El ánimo de los Nuevos también estaba dividido entre sentimientos diferentes. Por un lado el pánico, por el otro el deseo de triunfar del viejo enemigo, por otro también la idea de que si los Dinasaurios habían sobrevivido y ahora avanzaban en busca de un desquite, era señal de que nadie podía detenerlos, y no estaba excluido que una victoria de ellos, aun que fuese despiadada, pudiera constituir un bien para todos. Los Nuevos querían, en una palabra, al mismo tiempo defenderse, huir, exterminar al enemigo, ser vencidos; y esta inseguridad se reflejaba en el desorden de sus preparativos de defensa.

– ¡Un momento! -gritó Zahn-. ¡Hay uno solo entre nosotros que está en condiciones de tomar el mando! ¡El más fuerte de todos, el Feo!

– ¡Es cierto! ¡El Feo es el que debe mandarnos! -dijeron en corro todos los otros-. ¡Sí, sí, el mando al Feo! -y se ponían a mis órdenes.

– Pero no, cómo queréis que yo, un extranjero, no estoy a la altura… -me defendía yo. No hubo modo de convencerlos.

¿Qué debía hacer? Aquella noche no pude cerrar los ojos. La voz de la sangre me obligaba a desertar y a reunirme con mis hermanos; la lealtad hacia los Nuevos que me habían acogido y brindado hospitalidad y confiado en mí quería, en cambio, que me considerase de parte de ellos; además sabía bien que ni los Dinosaurios ni los Nuevos merecían que se moviera un dedo por ellos. Si los Dinosaurios trataban de restablecer su dominio con invasiones y matanzas, era señal de que no habían aprendido nada con la experiencia, que habían sobrevivido sólo por error. Y los Nuevos era evidente que dándome a mí el mando habían encontrado la solución más cómoda: descargar todas las responsabilidades en un extranjero que podía ser tanto el salvador como, en caso de derrota, un chivo expiatorio que se entrega al enemigo para calmarlo, o bien un traidor que puesto en manos del enemigo realizara el sueño inconfesable de los Nuevos, de ser dominados por los Dinosaurios. En una palabra, no quería saber nada ni de unos ni de otros; ¡que se degollasen entre ellos!; me importaba un rábano de todos. Tenía que escapar cuanto antes, dejarlos que se cocinaran en su salsa, no tener nada más que ver con esas viejas historias.

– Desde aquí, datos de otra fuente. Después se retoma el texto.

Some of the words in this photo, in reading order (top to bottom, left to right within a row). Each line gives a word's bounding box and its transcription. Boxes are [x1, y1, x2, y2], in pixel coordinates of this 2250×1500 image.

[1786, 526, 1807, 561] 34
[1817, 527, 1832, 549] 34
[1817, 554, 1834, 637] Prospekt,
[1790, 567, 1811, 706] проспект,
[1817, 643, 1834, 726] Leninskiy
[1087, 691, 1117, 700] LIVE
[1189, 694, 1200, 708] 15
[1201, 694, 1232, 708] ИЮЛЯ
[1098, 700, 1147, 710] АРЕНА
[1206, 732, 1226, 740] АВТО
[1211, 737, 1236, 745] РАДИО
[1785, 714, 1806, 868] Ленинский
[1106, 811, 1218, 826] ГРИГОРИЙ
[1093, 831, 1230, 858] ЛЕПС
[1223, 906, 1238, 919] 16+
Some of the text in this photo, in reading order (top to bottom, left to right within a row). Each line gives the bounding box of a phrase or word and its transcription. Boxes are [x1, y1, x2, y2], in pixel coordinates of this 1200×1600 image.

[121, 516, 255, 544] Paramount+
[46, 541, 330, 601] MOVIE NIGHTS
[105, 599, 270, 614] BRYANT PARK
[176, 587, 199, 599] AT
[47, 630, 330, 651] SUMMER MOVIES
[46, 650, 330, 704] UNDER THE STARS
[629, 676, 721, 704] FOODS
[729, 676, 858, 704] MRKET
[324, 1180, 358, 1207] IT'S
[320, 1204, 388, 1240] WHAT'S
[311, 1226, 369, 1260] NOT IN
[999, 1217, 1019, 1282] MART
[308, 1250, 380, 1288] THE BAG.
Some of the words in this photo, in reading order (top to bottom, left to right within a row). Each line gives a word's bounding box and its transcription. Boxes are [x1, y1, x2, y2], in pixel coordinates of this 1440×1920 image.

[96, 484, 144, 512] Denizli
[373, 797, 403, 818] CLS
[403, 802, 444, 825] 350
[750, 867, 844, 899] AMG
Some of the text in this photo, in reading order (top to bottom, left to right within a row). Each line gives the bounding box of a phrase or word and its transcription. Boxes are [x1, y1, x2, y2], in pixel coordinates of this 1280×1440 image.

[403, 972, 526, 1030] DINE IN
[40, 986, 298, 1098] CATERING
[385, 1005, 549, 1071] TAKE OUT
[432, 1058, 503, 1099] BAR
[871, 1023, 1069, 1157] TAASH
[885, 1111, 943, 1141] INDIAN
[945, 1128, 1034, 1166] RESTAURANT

Esa misma noche, escurriéndome en la oscuridad, dejé la aldea. El primer impulso era alejarme lo más posible del campo de batalla, regresar a mis refugios secretos; pero la curiosidad fue más fuerte: volver a ver a mis semejantes, saber quién vencería. Me escondí en lo alto de unas rocas que dominaban el embalse del río, y esperé el alba.

Con la luz, aparecieron figuras en el horizonte. Avanzaban a la carga. Antes de distinguirlos bien, ya podía excluir que los Dinosaurios hubieran corrido con tan poca gracia. Cuando los reconocí no sabía si reír o avergonzarme. Rinocerontes, una manada, de los primeros, grandes y bastos y torpes, cubiertos de protuberancias de materia córnea, pero en esencia inofensivos, dedicados a comer hierba: ¡con eso habían confundido a los antiguos Reyes de la Tierra!

La manada de rinocerontes galopó con ruido de trueno, se detuvo a lamer unas matas, reanudó la carrera hacia el horizonte sin percatarse siquiera de los destacamentos de pescadores.

Volví corriendo a la aldea. -¡No se han dado cuenta de nada! ¡No eran Dinosaurios! -anuncié-. ¡Rinocerontes, eso es lo que eran! ¡Ya se fueron! ¡No hay más peligro! -Y añadí, para justificar mi deserción nocturna-: ¡Yo había salido a explorar! ¡A espiar y contaros!

– Quizá no nos hayamos dado cuenta de que no eran Dinosaurios -dijo con calma Zahn-, pero nos hemos dado cuenta de que no eres un héroe -y me volvió la espalda.